One Fell Sweep (Innkeeper Chronicles #3)

“Sadly this doesn’t work on human anatomy.” Otherwise Officer Marais would’ve been much less of a problem.

Maud pulled up, the big white-out cannon slung over her shoulder, and drove into the Ryder truck, wedging her cre-cycle next to Arland’s. I handed her two more capsules. “If Wing stirs, drug him.”

She nodded.

Sean slammed the door closed. I dashed to the cabin, opened the door, climbed up, and punched in the code in the photon projector. The unit’s pale blue light blinked. I jumped down and took a few steps back, careful to walk in a straight line.

The Ryder truck vanished. If you looked very closely, you could see the slight wavy disturbance, but you had to be only a few feet away.

“Are we good?” invisible Sean asked.

“We’re good.” I walked straight back and almost jumped when the truck popped into existence eighteen inches in front of me. I climbed into the passenger seat. Sean eased the truck out of park and we crept across the grass onto the interstate. Sean picked up speed.

“How are we doing?” Sean asked.

I checked my phone. “Two more minutes before the mine effects dissipate. Twenty-three minutes before the photon projector runs out of charge.”

He stepped on it. The Ryder rocked and rolled. It was just me and him in the cabin. This whole thing wasn’t just risky, it was reckless. If we were caught, there would be hell to pay.

Sean sat in his seat, focused on driving. He didn’t say anything to reassure me. He just projected a quiet, competent calm. I had a feeling that if a spaceship suddenly appeared in the sky and fired at us, Sean would somehow pull a massive gun out, shoot it down, and keep going, the same calm expression on his face. If Sean wasn’t here, I would’ve done all of it myself, but right now I was glad he was in the cab with me.

“You asked why I have to turn the Hiru down,” I said.

“I did.”

“Maud. And Helen. I just rescued my sister and my niece after they lived through hell. Maud deserves some peace and quiet.”

“Your sister looked pretty excited when you handed her the white-out warhead.”

“I know. That’s what I’m afraid of. If I put the inn in harm’s way, she’ll be on the front line cutting off heads.”

“It’s her choice,” Sean said.

My alarm chimed. I flicked it off. The highway patrol was about to wake up.

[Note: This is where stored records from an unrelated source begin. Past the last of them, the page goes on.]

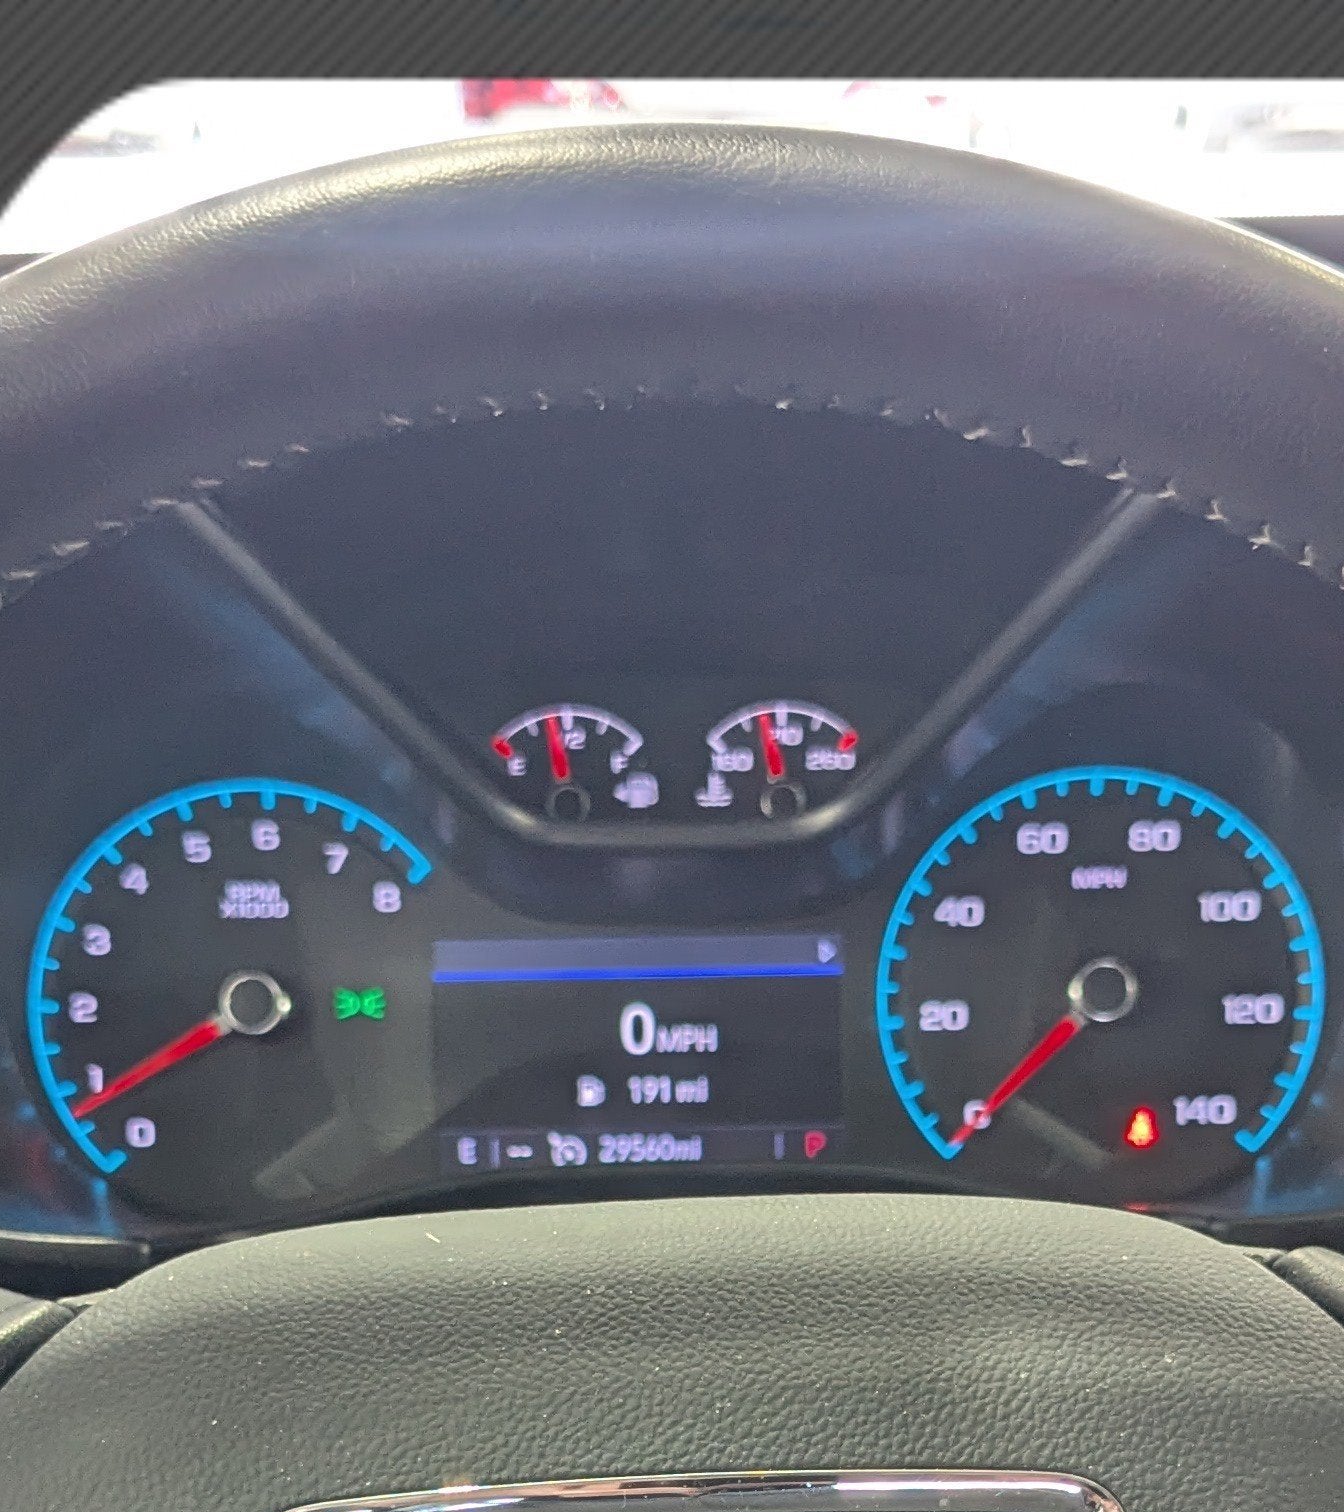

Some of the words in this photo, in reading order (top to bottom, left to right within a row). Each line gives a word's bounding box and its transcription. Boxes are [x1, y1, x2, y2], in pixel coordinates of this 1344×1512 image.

[181, 831, 212, 863] 5
[251, 818, 280, 851] 6
[1016, 822, 1069, 854] 60
[1128, 821, 1181, 852] 80
[322, 841, 349, 874] 7
[119, 863, 149, 895] 4
[1071, 866, 1128, 889] MPH
[372, 880, 402, 913] 8
[934, 896, 985, 927] 40
[1198, 891, 1261, 922] 100
[82, 923, 112, 956] 3
[68, 992, 98, 1023] 2
[919, 1001, 969, 1031] 20
[1222, 994, 1285, 1025] 120
[87, 1063, 103, 1093] 1
[627, 1076, 672, 1103] 191
[1173, 1095, 1237, 1125] 140
[125, 1117, 156, 1148] 0

“I know it’s her choice. My brother-in-law brought a lot of what happened to him on his own head. Melizard was responsible for their exile, and once on the planet, he lost his mind. From what Maud said, he grew desperate and wasn’t thinking clearly, and eventually he betrayed the House that hired him and got himself killed. A normal human thing for Maud to do would’ve been to try to get off the planet or try to establish some safety net for herself and Helen. Instead, my sister declared a blood feud and pursued it for months.”

“Like a proper vampire,” Sean said.

“Yes. We’re not in the Holy Anocracy now. We’re on Earth. This is her home. It will take time for her to remember what it’s like to be human. I’m not going to make her choices for her or tell her what to do. I just don’t want to thrust her into another bloody fight with no breathing room between that and what she went through. I want to give her a chance to adjust to humanity.” I sighed. “The Draziri are single-minded. They will go to any lengths to kill the Hiru. You went through… things. How do you deal with it?”

“I can’t speak for your sister,” Sean said. “Everyone deals with it in their own way. People say you need peace and quiet and while you’re there, in the thick of it, when everything is death and blood, you think so, too, because you idealize that. And then you get home.”

He fell silent for a moment.

“It feels fake,” he continued. “I get up, I wave at neighbors, I go to the grocery store, I gas up my car. The whole time I’m pretending to be someone else and I worry I might get my lines wrong.”

“Sean…” I had no idea he felt that way.

He glanced at me, his face resolute, his eyes clear. “Peace and quiet doesn’t help, because what’s wrong isn’t out there. It’s inside me. This right here is the most normal I've felt since I got home.”

I reached out and took his hand. He took his gaze off the road and looked at me. His eyes caught the light, their irises golden-brown amber. “And this.” He squeezed my hand. “This feels normal. This feels like coming home.”

Sirens blared behind us. He was still holding my hand, his strong fingers wrapped around mine. I remembered him walking away from me into the tear between the worlds. He’d wanted to see the galaxy and he owed Wilmos a favor. He went through it and was gone, and I'd stood on the grass, hugging myself. Guests left and we stayed. That was the fact of the innkeeper’s life. My parents vanished, my brother left to look for them and disappeared, Maud had gotten married… But I got Sean back. He was in the cab with me, holding my hand and not wanting to let go.

“Slow down,” I said. “It’s coming up.”